Ziling Yan1,2, Xiaoyu Chen2, Meng Yao1,2*   

  1. 1 Institute of Ecology, College of Urban and Environmental Sciences, Peking University, Beijing 100871, China 

    2 State Key Laboratory of Gene Function and Modulation Research, School of Life Sciences, Peking University, Beijing 100871, China

  • Received:2025-09-15 Revised:2025-12-09
  • Contact: Meng Yao

Abstract:

Aims: Environmental DNA (eDNA) technology has been increasingly applied in biodiversity research. However, its rapid development has also sparked methodological debates. A key issue involves the selection of bioinformatic pipelines, particularly for extremely biodiverse taxa such as invertebrates. Bioinformatic pipelines significantly affect eDNA-based biodiversity profiles, yet a systematic comparative evaluation of relevant pipelines is currently lacking. Therefore, this study aims to compare and evaluate bioinformatic pipelines commonly used for analyzing eDNA-derived invertebrate sequencing data. 

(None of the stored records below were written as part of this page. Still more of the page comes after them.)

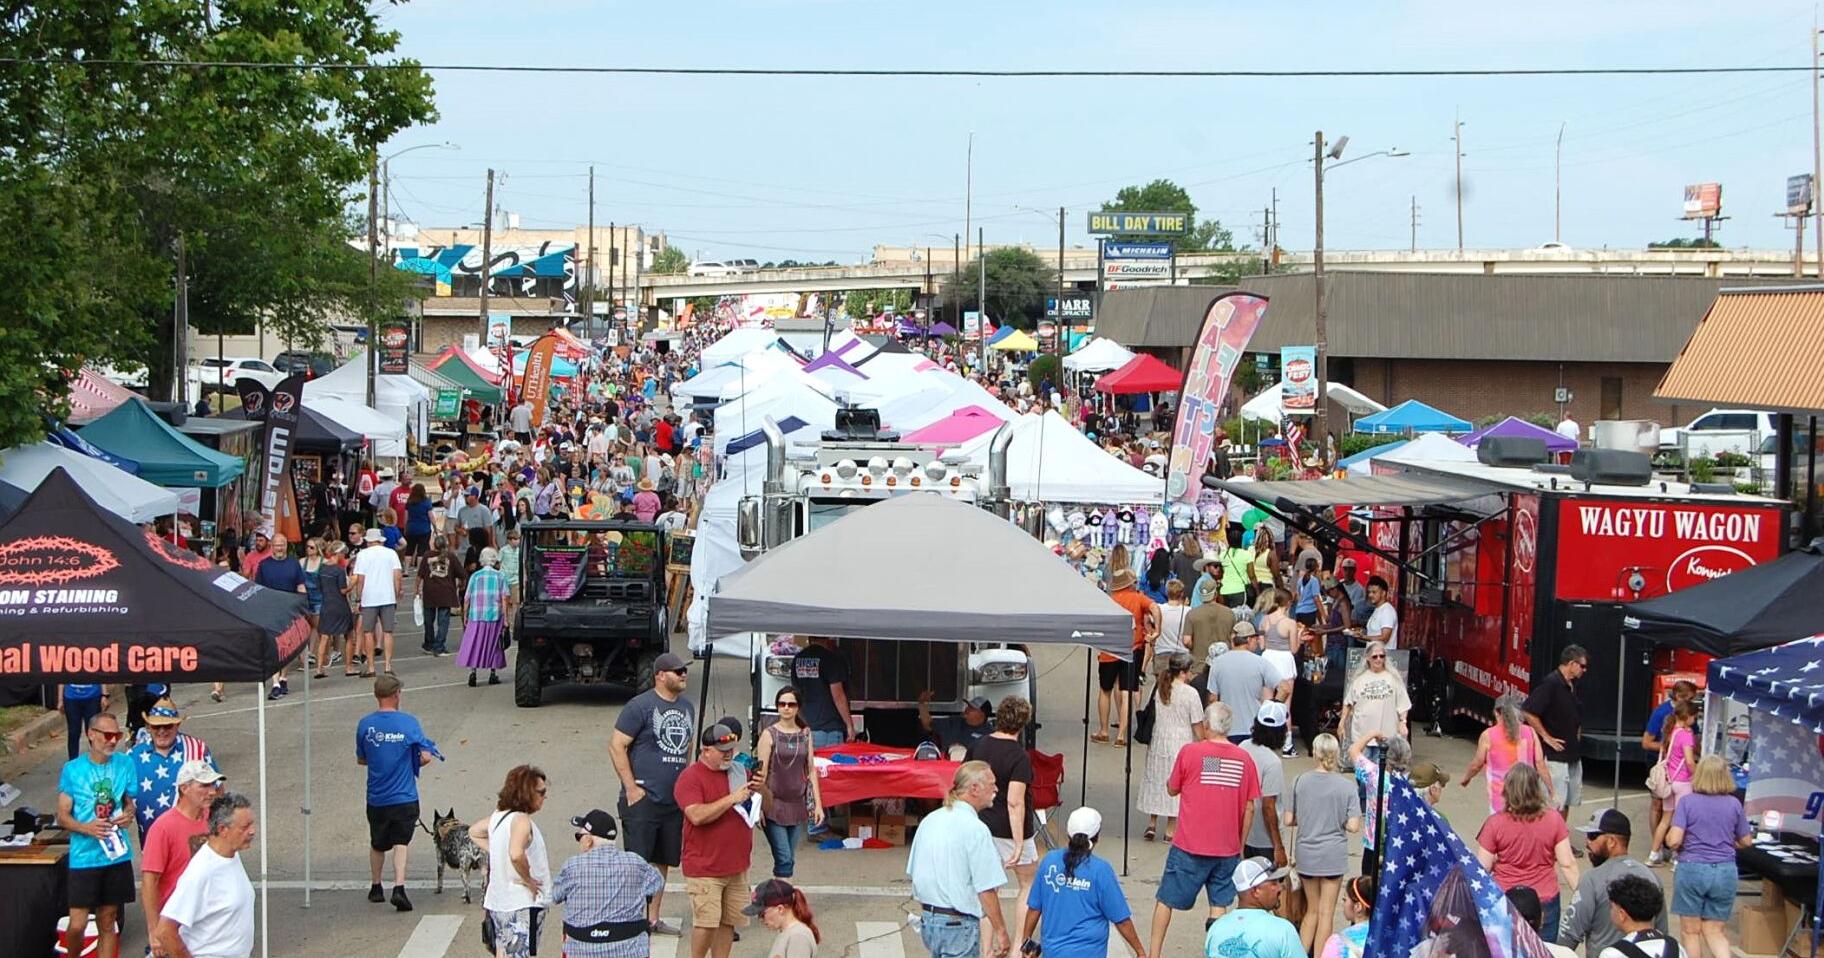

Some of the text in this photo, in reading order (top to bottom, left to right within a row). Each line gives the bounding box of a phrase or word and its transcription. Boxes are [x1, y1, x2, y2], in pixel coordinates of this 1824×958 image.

[1092, 215, 1184, 231] BILL DAY TIRE
[1121, 247, 1168, 255] MICHELIN
[1579, 506, 1761, 542] WAGYU WAGON
[47, 555, 81, 566] 14:6
[34, 589, 119, 604] STAINING
[43, 606, 129, 614] Refurbishing
[0, 643, 31, 673] al
[590, 928, 610, 938] drive

Method: Invertebrate metabarcoding sequencing was carried out on freshwater eDNA samples, and the performance of various bioinformatic pipelines in processing invertebrate sequences was comparatively assessed. Four commonly used clustering or denoising methods (UPARSE, Swarm, UNOISE, and DADA2) and three taxonomic assignment methods (BOLDigger, BLASTN, and Naïve Bayesian Classifier) were selected, together constituting 12 bioinformatic pipelines. 

Results: Of the 12 evaluated pipelines, the combination of DADA2 denoising and BOLDigger taxonomic assignment yielded the largest number of invertebrate molecular operational taxonomic units (MOTUs), along with the highest levels of taxonomic coverage and resolution. Among the four clustering or denoising methods, UNOISE and DADA2 denoising yielded more invertebrate MOTUs than UPARSE and Swarm clustering. Among the three taxonomic assignment methods, BOLDigger and BLASTN yielded higher taxonomic coverage and resolution than Naïve Bayesian Classifier. 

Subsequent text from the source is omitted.